_WHAT YOU SHOULD DO_: Word for word, restate every line of the material.

_DATA FOR ANALYSIS_:
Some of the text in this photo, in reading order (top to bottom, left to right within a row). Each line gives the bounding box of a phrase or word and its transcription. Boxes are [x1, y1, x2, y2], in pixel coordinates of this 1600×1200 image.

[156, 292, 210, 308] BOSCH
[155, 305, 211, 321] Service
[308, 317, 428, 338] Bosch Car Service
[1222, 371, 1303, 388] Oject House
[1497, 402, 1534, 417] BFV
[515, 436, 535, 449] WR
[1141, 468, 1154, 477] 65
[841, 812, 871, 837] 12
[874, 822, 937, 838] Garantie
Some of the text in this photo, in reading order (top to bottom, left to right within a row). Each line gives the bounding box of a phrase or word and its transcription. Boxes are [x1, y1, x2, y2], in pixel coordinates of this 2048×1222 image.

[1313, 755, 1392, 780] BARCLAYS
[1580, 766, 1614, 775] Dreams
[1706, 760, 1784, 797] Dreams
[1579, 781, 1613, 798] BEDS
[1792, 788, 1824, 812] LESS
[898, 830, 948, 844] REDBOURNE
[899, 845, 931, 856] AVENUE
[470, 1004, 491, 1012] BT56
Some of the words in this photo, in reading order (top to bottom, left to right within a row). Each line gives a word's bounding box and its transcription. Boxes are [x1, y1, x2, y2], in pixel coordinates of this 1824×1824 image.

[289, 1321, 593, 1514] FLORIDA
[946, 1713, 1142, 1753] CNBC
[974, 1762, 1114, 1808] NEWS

_SOLVED EXERCISE_:
Some of the text in this photo, in reading order (top to bottom, left to right within a row). Each line gives the bounding box of a phrase or word and its transcription. Boxes are [x1, y1, x2, y2], in pixel coordinates of this 1600×1200 image.

[156, 292, 210, 308] BOSCH
[155, 305, 211, 321] Service
[308, 317, 428, 338] Bosch Car Service
[1222, 371, 1303, 388] Oject House
[1497, 402, 1534, 417] BFV
[515, 436, 535, 449] WR
[1141, 468, 1154, 477] 65
[841, 812, 871, 837] 12
[874, 822, 937, 838] Garantie
Some of the text in this photo, in reading order (top to bottom, left to right within a row). Each line gives the bounding box of a phrase or word and its transcription. Boxes are [x1, y1, x2, y2], in pixel coordinates of this 2048×1222 image.

[1313, 755, 1392, 780] BARCLAYS
[1580, 766, 1614, 775] Dreams
[1706, 760, 1784, 797] Dreams
[1579, 781, 1613, 798] BEDS
[1792, 788, 1824, 812] LESS
[898, 830, 948, 844] REDBOURNE
[899, 845, 931, 856] AVENUE
[470, 1004, 491, 1012] BT56
Some of the words in this photo, in reading order (top to bottom, left to right within a row). Each line gives a word's bounding box and its transcription. Boxes are [x1, y1, x2, y2], in pixel coordinates of this 1824×1824 image.

[289, 1321, 593, 1514] FLORIDA
[946, 1713, 1142, 1753] CNBC
[974, 1762, 1114, 1808] NEWS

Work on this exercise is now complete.